El reciente debate sobre el impacto de las nuevas tecnologías y la posible extinción del libro en papel se ha extendido en algunos foros al del incierto porvenir de la novela. Para algunos, su historial, tal como lo conocemos ahora, se cerrará con la era de Gutenberg. Pero estos sombríos augurios no tienen base. Y, como sucedió a lo largo de la pasada centuria, la novela podrá metamorfosearse de mil maneras distintas, pero subsistirá y quizá rebrotará con mayor fuerza.

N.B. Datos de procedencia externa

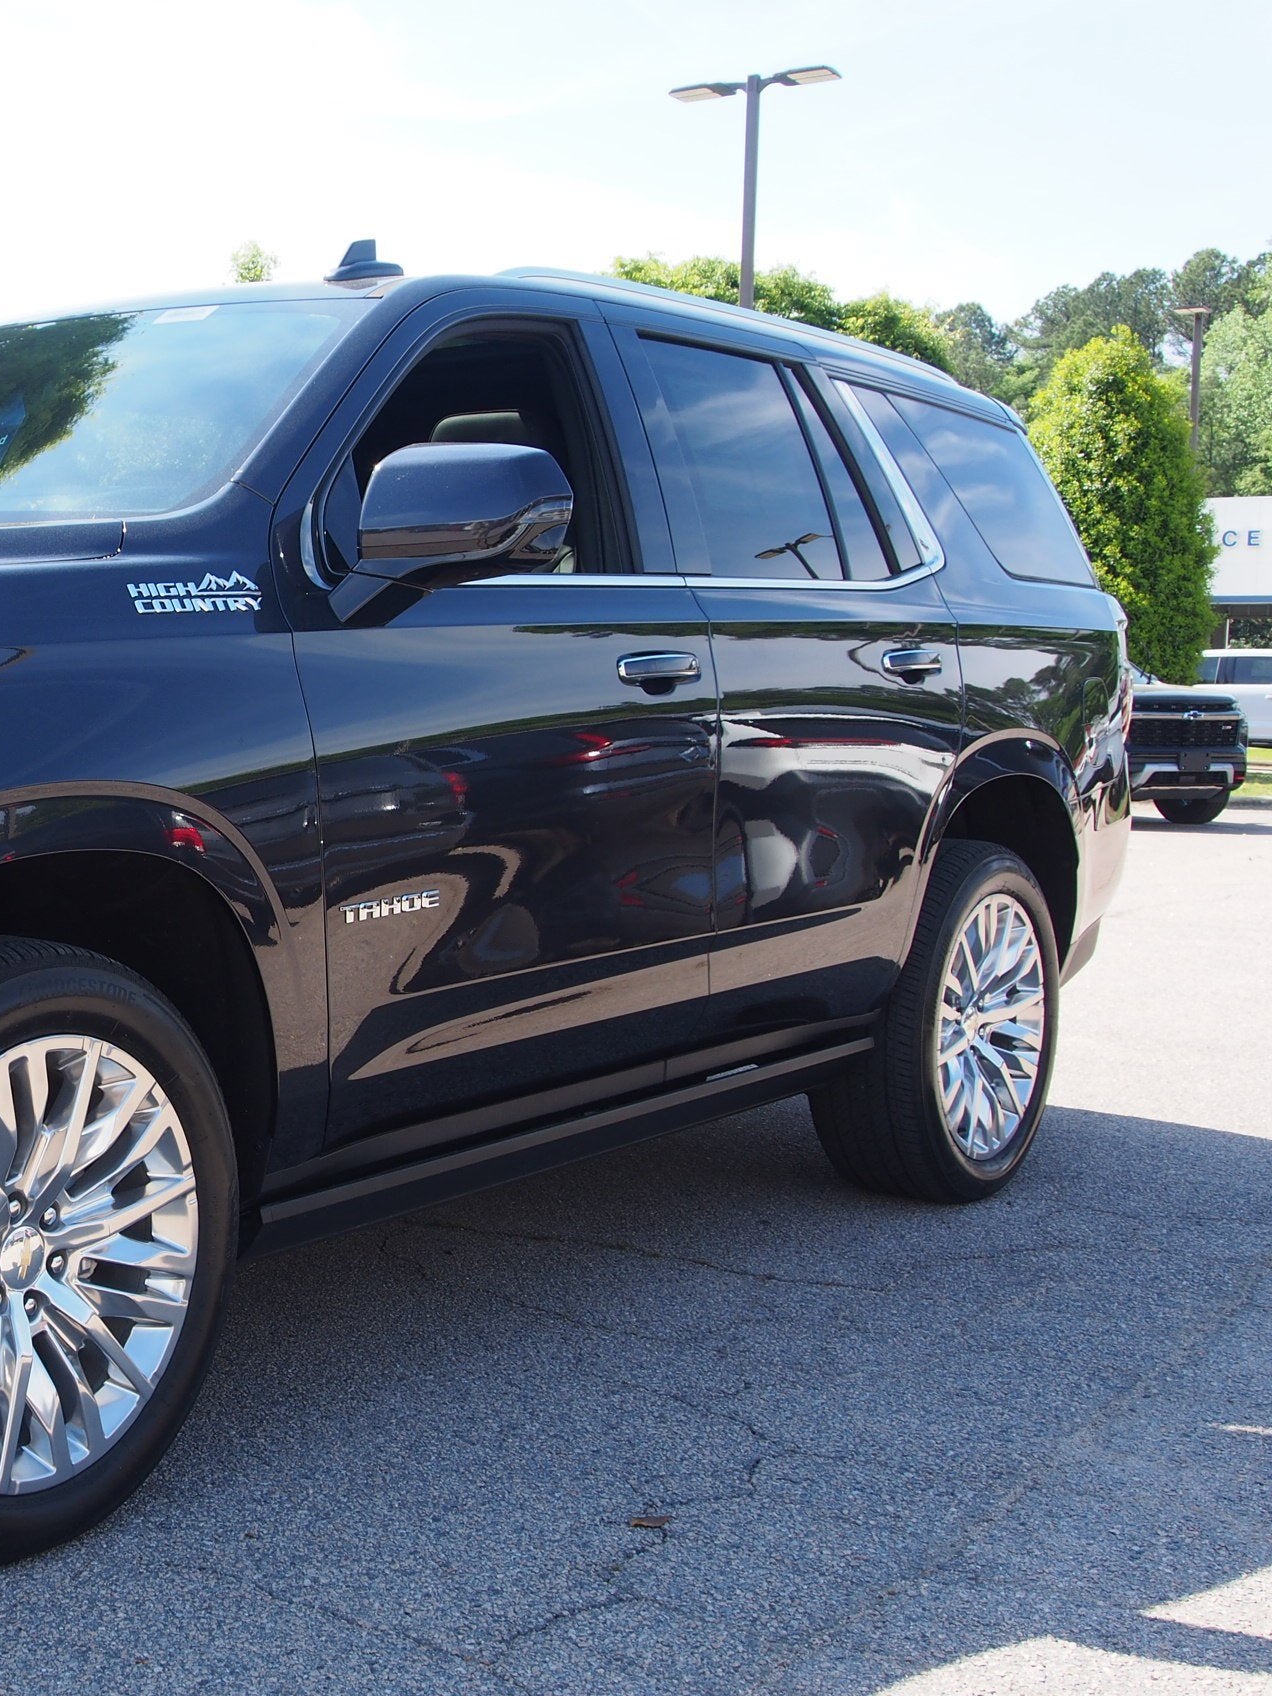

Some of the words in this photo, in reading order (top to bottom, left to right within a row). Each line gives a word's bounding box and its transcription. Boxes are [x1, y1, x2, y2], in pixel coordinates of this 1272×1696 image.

Hace menos de un siglo muchos dijeron que el cine acabaría con ella. ¿Para qué perder el tiempo en la minuciosa descripción de personas y cosas durante docenas de páginas si una imagen las capta en un instante? El argumento parecía inapelable y se aplicaba a una cierta manera de narrar. Pero el cine no acabó con la novela: modificó simplemente su rumbo o, mejor dicho, sus posibilidades de rumbo, tan vastas como la rosa de los vientos. Ciertamente, la falta de inventiva de muchos novelistas y los hábitos de lectura del lector perezoso han permitido no solo el mantenimiento de unas formas narrativas reiterativas y anquilosadas sino su exitosa divulgación comercial: las listas de campeones de ventas en todos los países del planeta dan cuenta de ello. Con todo, un buen número de autores cogieron el guante y se enfrentaron al reto de hollar un terreno nuevo. Había mil maneras de hacerlo. El catálogo de éstas sería extenso y me limitaré a bosquejar unas cuantas.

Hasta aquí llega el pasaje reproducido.